Procédure devant la cour :
Par une requête enregistrée le 23 octobre 2019, le préfet du Calvados demande à la cour :
1°) d'annuler ce jugement ;
2°) de rejeter la demande présentée par Mme A... devant le tribunal administratif de Caen.
Il soutient que :
- c'est à tort que le tribunal administratif de Caen s'est fondé, pour annuler son arrêté, sur la méconnaissance des dispositions de l'article R. 311-4 du code de l'entrée et du séjour des étrangers et du droit d'asile.
Par un mémoire en défense enregistré le 13 décembre 2019, Mme D... A..., représentée par Me C..., conclut au rejet de la requête et à ce que soit mise à la charge de l'Etat la somme de 1 200 euros sur le fondement des articles L. 761-1 du code de justice administrative et 37 de la loi du 10 juillet 1991.
Elle fait valoir que :
- le moyen soulevé par le préfet du Calvados n'est pas fondé ;
- la décision contestée porte atteinte à sa liberté fondamentale d'aller et venir ;
- elle méconnaît l'article 8 de la convention européenne de sauvegarde des droits de l'homme et des libertés fondamentales.

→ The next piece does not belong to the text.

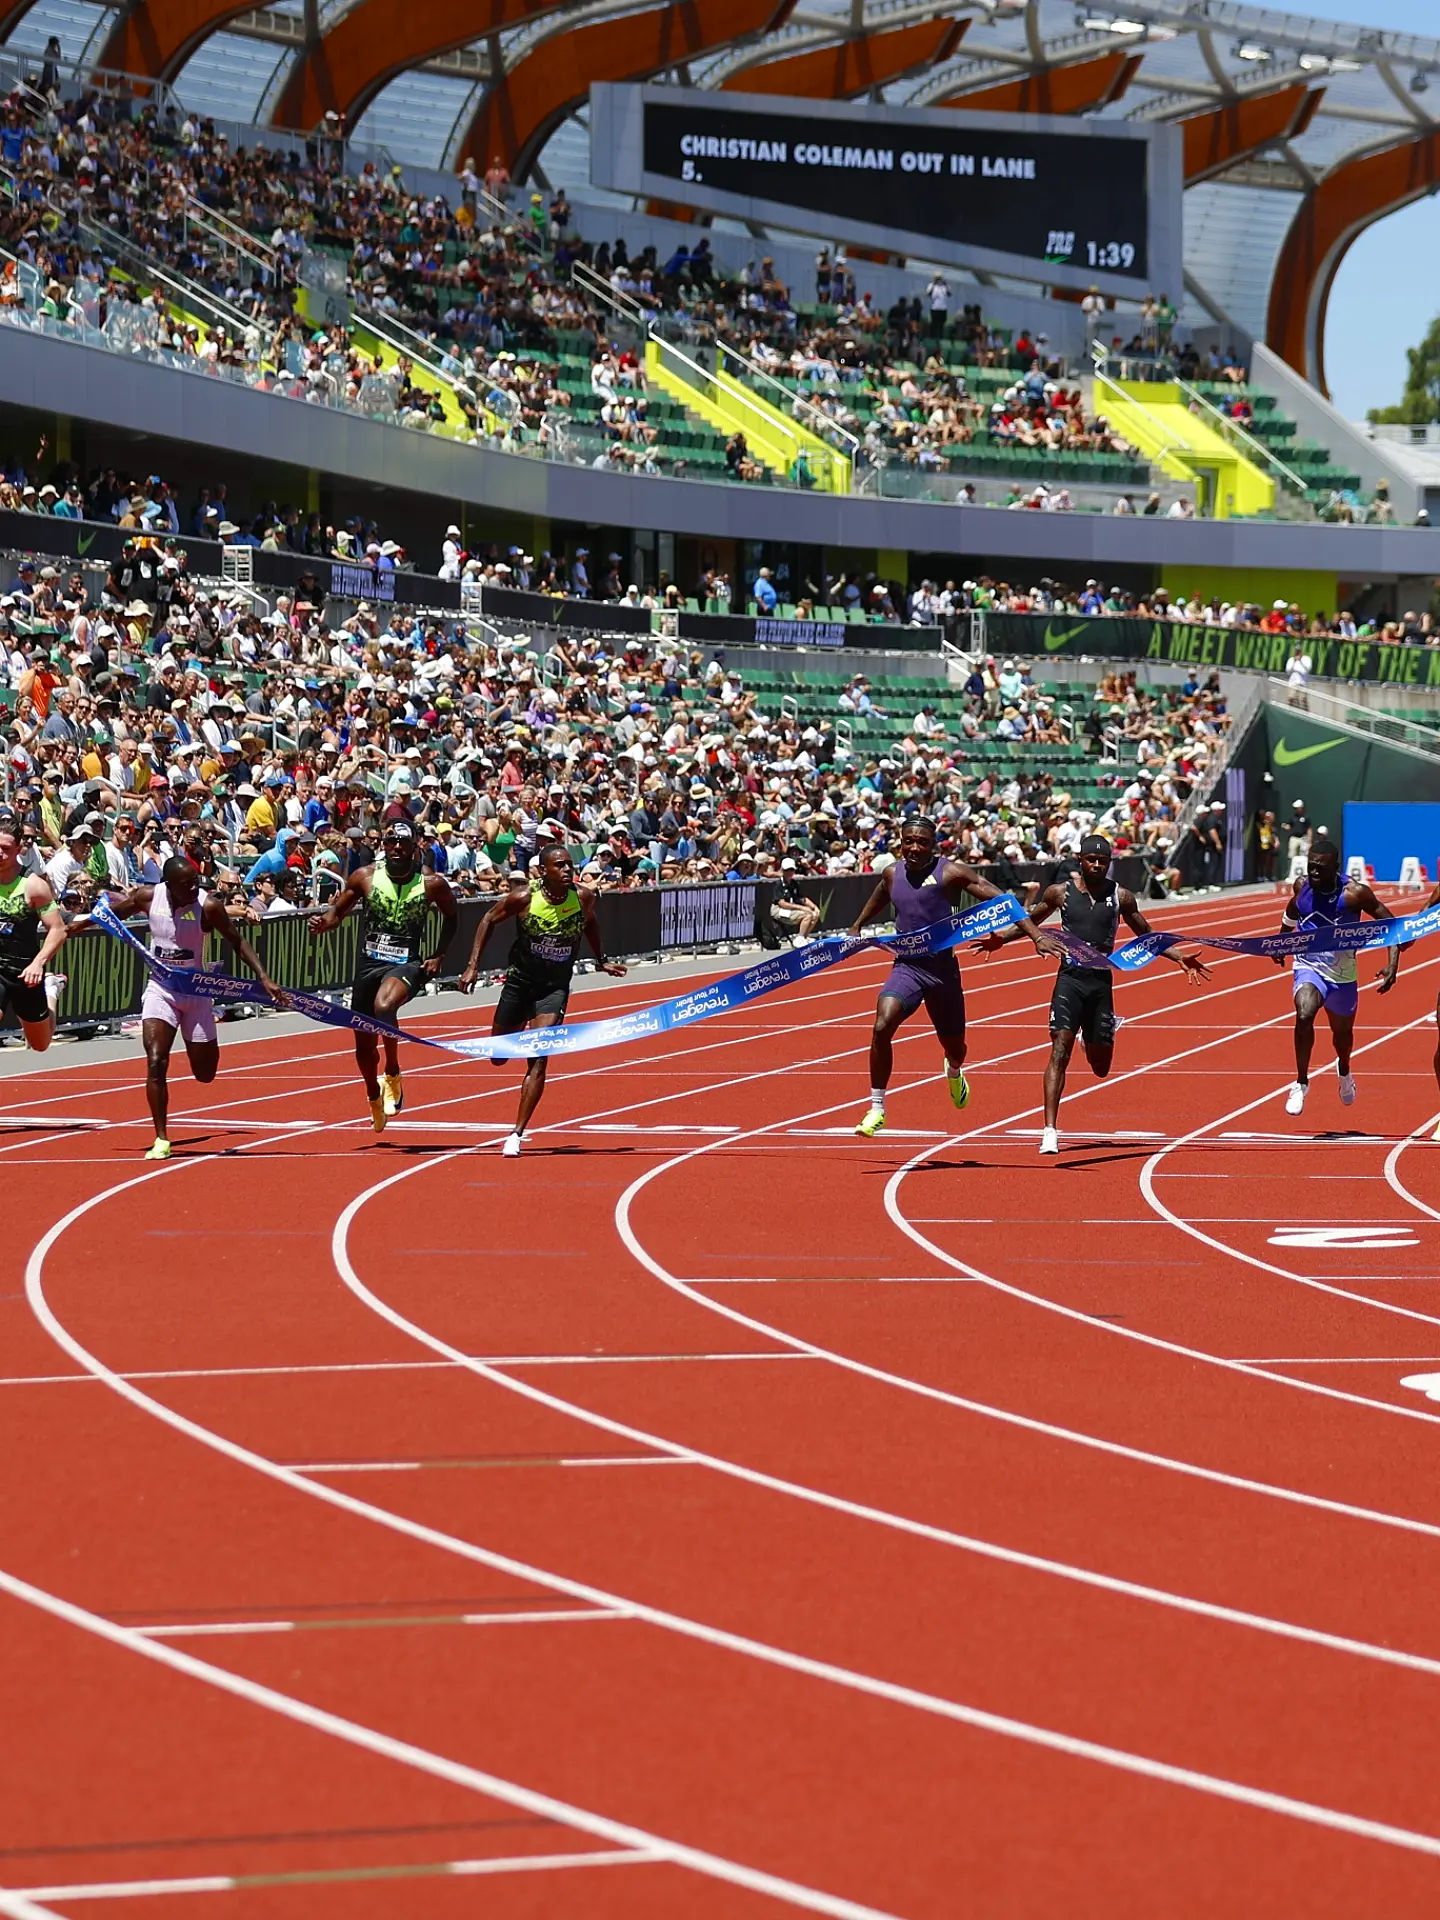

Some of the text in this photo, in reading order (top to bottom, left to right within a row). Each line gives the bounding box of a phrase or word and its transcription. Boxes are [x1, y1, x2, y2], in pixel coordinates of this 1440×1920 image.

Par une décision du 29 janvier 2020, Mme A... a été admise au bénéfice de l'aide juridictionnelle totale.
Vu les autres pièces du dossier.
Vu :
- la convention européenne de sauvegarde des droits de l'homme et des libertés fondamentales ;
- le code de l'entrée et du séjour des étrangers et du droit d'asile ;
- la loi n° 91-647 du 10 juillet 1991 ;
- le code de justice administrative.
Les parties ont été régulièrement averties du jour de l'audience.
Le président de la formation de jugement a dispensé le rapporteur public, sur sa proposition, de prononcer des conclusions à l'audience.
Le rapport de M. B... a été entendu au cours de l'audience publique.
Considérant ce qui suit :
1. Mme D... A..., ressortissante congolaise née le 2 février 1985 à Kinshasa (République démocratique du Congo), est entrée en France le 10 décembre 2010 sans visa. Sa demande d'asile a été rejetée par l'Office français de protection des réfugiés et apatrides. L'intéressée a présenté une première demande de titre de séjour le 28 janvier 2016, qui a été rejetée par un arrêté du préfet du Calvados en date du 23 juin suivant assorti d'une mesure d'éloignement. Elle a présenté le 18 avril 2017 une deuxième demande de titre de séjour, en qualité de salariée, qui a été rejetée par un arrêté du 27 juin 2017 également assorti d'une mesure d'éloignement. Après la naissance de sa fille, née le 26 octobre 2018, Mme A... a sollicité un titre de séjour en qualité de parent d'enfant français, le 27 février 2019. La délivrance d'un récépissé de demande de titre lui a toutefois été refusée, par une décision du préfet du Calvados du même jour. Mme A... a demandé au tribunal administratif de Caen d'annuler cette décision. Par un jugement n° 1900671 du 3 octobre 2019, le tribunal administratif de Caen a fait droit à sa demande. Le préfet du Calvados relève appel de ce jugement.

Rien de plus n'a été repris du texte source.